A clinical NLP engine can use SNOMED CT to encode free text narrative in patient records in a number of ways. Firstly, it can use SNOMED CT descriptions together with techniques such as:

  • Stemming: The process of reducing a word to its stem, base or root form – for example "cardiology", "cardiac" and "cardiologist" may be reduced to the stem "cardi".
  • Reordering: The process of reordering the words in a phrase – for example, reordering "hip fracture" to "fracture hip".
  • Word substitution: The process of substituting a word or word phrase with an equivalent word or word phrase. The SNOMED CT Lexical Resources zip file, available from the SNOMED CT Document Library, includes an English Word Equivalents table that groups together equivalent words and phrases – for example, "Renal stone", "Kidney stone", "kidney calculus", "renal calculus" and "nephrolith" are grouped into the same word block group. This table can be modified or extended with additional word equivalent groups if required.
  • Stop word removal: The process of removing words with limited semantic specificity – for example 'a', 'an', 'and', 'as', 'at', 'be', 'by', 'for', 'of', 'the'. The SNOMED CT Lexical Resources zip file , available from the SNOMED CT Document Library, includes an Excluded Words table, which suggests some common English stop words that may be used with SNOMED CT.

The SNOMED CT concept model can also be used to identify potential connections between related concepts – for example, the words "left", "hip" and "fracture" used in close proximity may indicate a |fracture| with finding site |hip| and a laterality of |left|. Similarly, the SNOMED CT concept model may help to identify context that is expressed within the text – for example, past history, certainty and absence.

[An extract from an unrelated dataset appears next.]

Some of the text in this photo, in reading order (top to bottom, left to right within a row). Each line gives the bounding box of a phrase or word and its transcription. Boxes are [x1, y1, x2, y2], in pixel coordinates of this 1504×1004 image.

Another commonly adopted NLP strategy is to use the location of the free text within the structure of a document to restrict the possible SNOMED CT code matches. For example, free text entered into a 'Diagnosis' field may restrict its SNOMED CT encoding to the |disorder| hierarchy, together with other concepts that may be linked to |clinical findings| via the SNOMED CT concept model.

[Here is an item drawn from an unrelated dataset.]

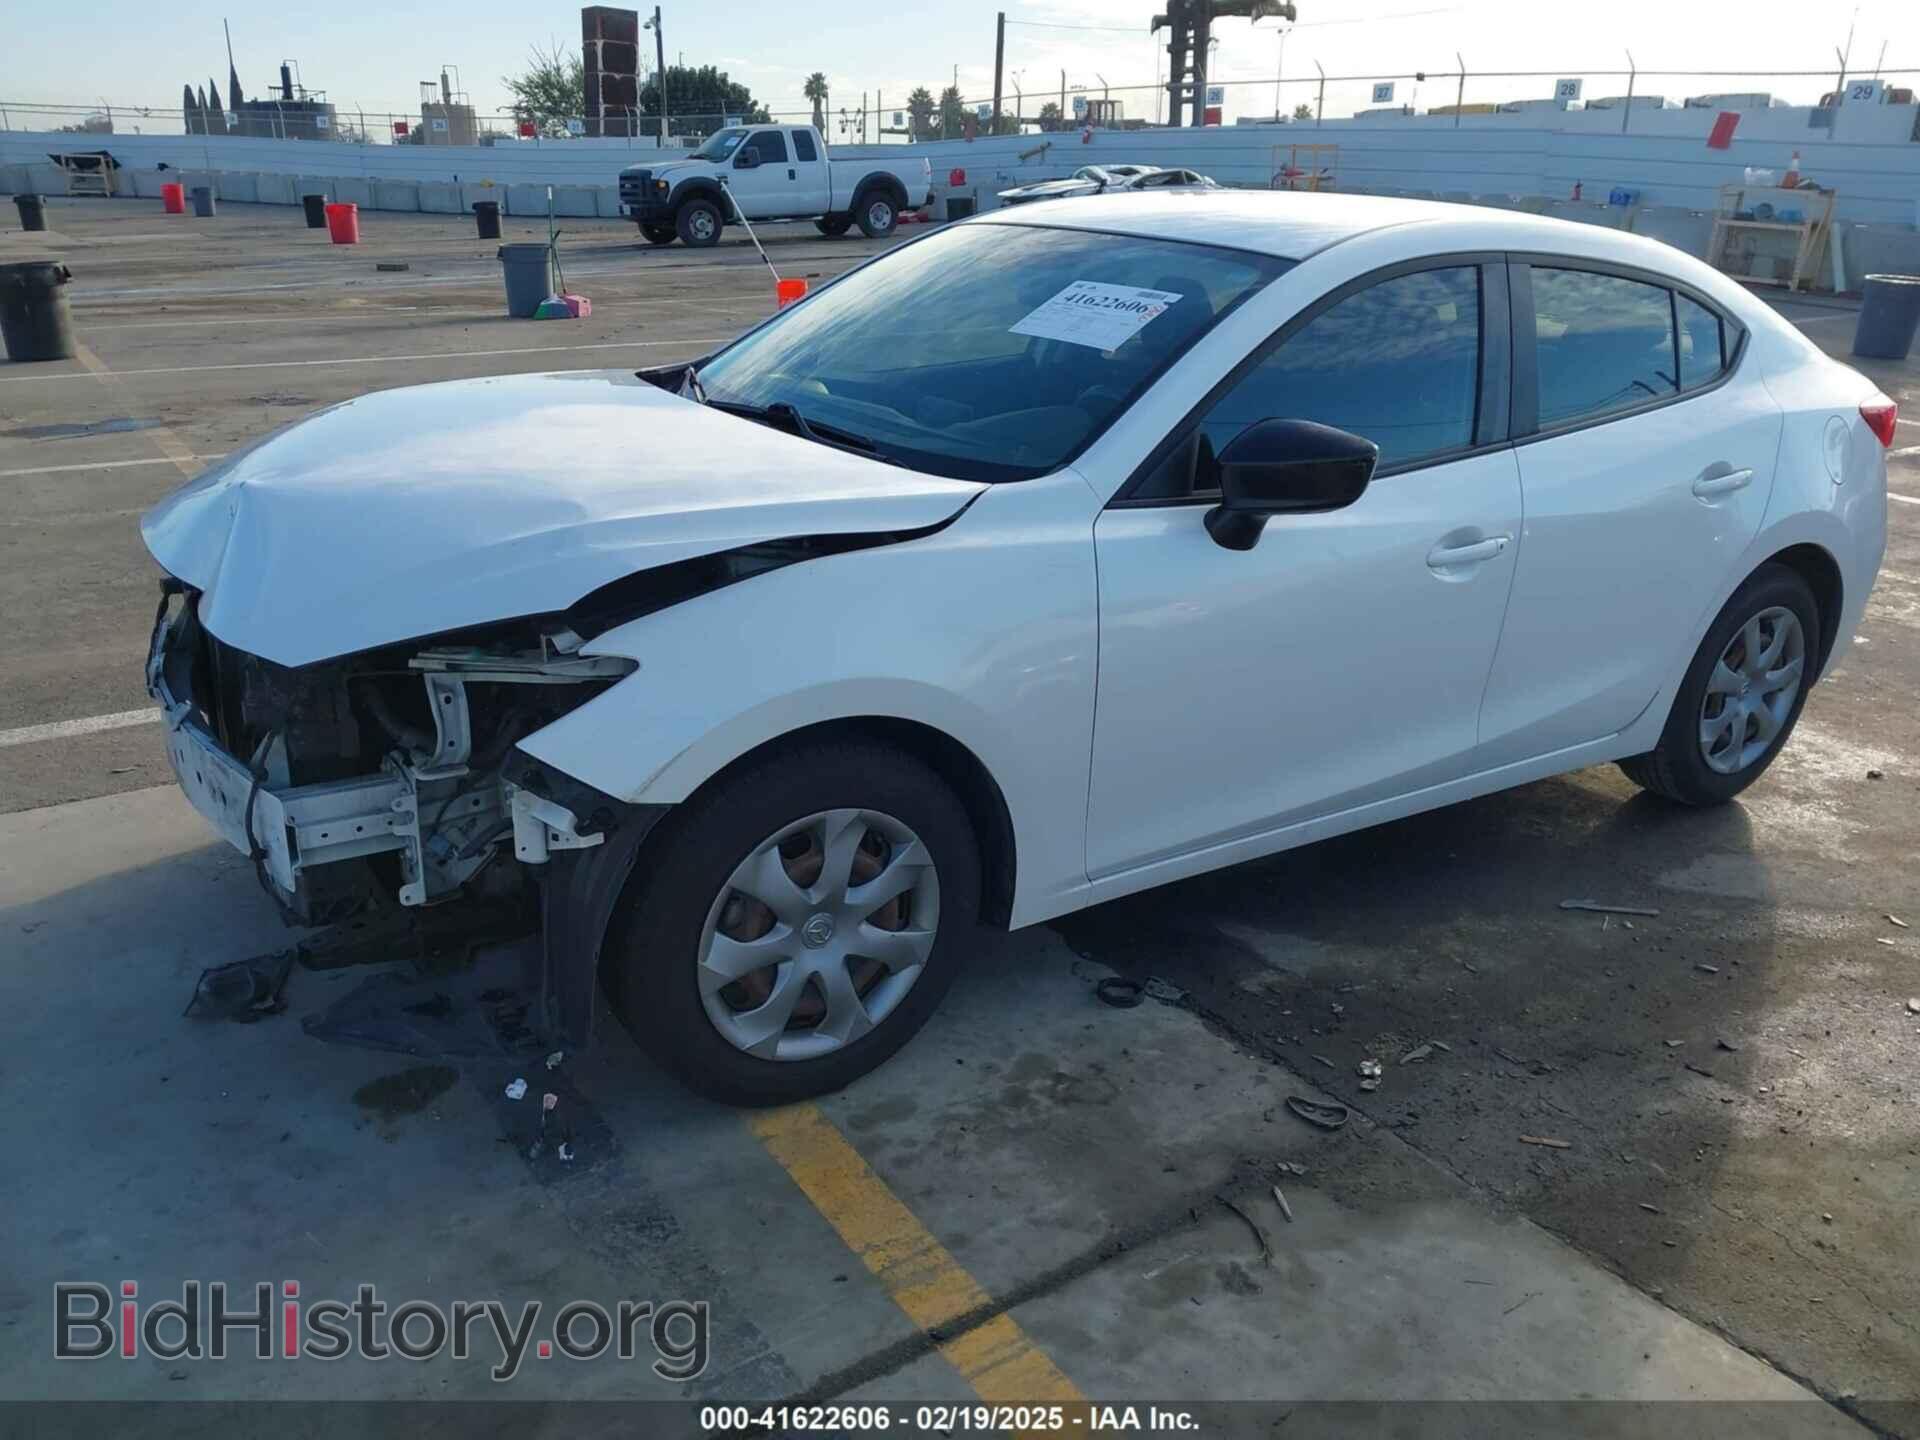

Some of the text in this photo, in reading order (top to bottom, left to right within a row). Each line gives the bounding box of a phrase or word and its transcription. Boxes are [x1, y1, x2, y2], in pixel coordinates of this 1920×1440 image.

[1377, 87, 1390, 98] 27
[1560, 83, 1577, 97] 28
[1853, 85, 1873, 100] 29
[1063, 291, 1149, 313] 41622606

When NLP techniques are applied to non-English (or dialect-specific) text, translations of relevant SNOMED CT descriptions may be required. The NLP methods themselves may also need to be adapted to reflect the structure and style of the language in which the text is written.


Another major application for Natural Language Processing technologies is indexing collections of free text transcripts or documents such that topic specific searches may be run on them, or relevant clinical knowledge sources may be identified and linked to a given patient's clinical data. The challenge is to return ranked matches which permit selection of texts with high sensitivity and high specificity (i.e. that relevant documents are rarely overlooked and that irrelevant documents are rarely returned).

SNOMED CT can be used to support these applications by enabling more powerful searching of free text data stores than using a purely lexical keyword-based approach. For example, the clinician may request "all documents which refer to cardiac rhythm disorders". Rather than relying purely on text matching, the search term may be matched with the concept 698247007 |cardiac arrhythmia (disorder)|, based on its synonym |disorder of heart rhythm|. The descendants of this concept (e.g. 276796006 |atrial tachycardia|, 49260003 |idioventricular rhythm|, 233917008 |atrioventricular block|) may then be used to search for any code which is a kind of cardiac arrhythmia. Non-|is a| attribute relationships may also be used in the retrieval process to find associations between the search term and the indexed concepts, and to calculate the relevance of each free text artefact to determine the order in which they should be presented to the user.

Case Studies

Clinical NLP has been implemented for encoding free text narrative in health records by a number of vendors, including Caradigm, Cerner, Clinithink and Intelligent Medical Objects).

NLP techniques for indexing and searching have also been implemented by Cerner and Dr Bevan Koopman. Allscript's Sunrise InfoButton™ feature uses encoded patient problem lists and medication data elements, together with SNOMED CT-based indexes provided by third-party medical content providers, to present on-topic information to the clinician without manual searching.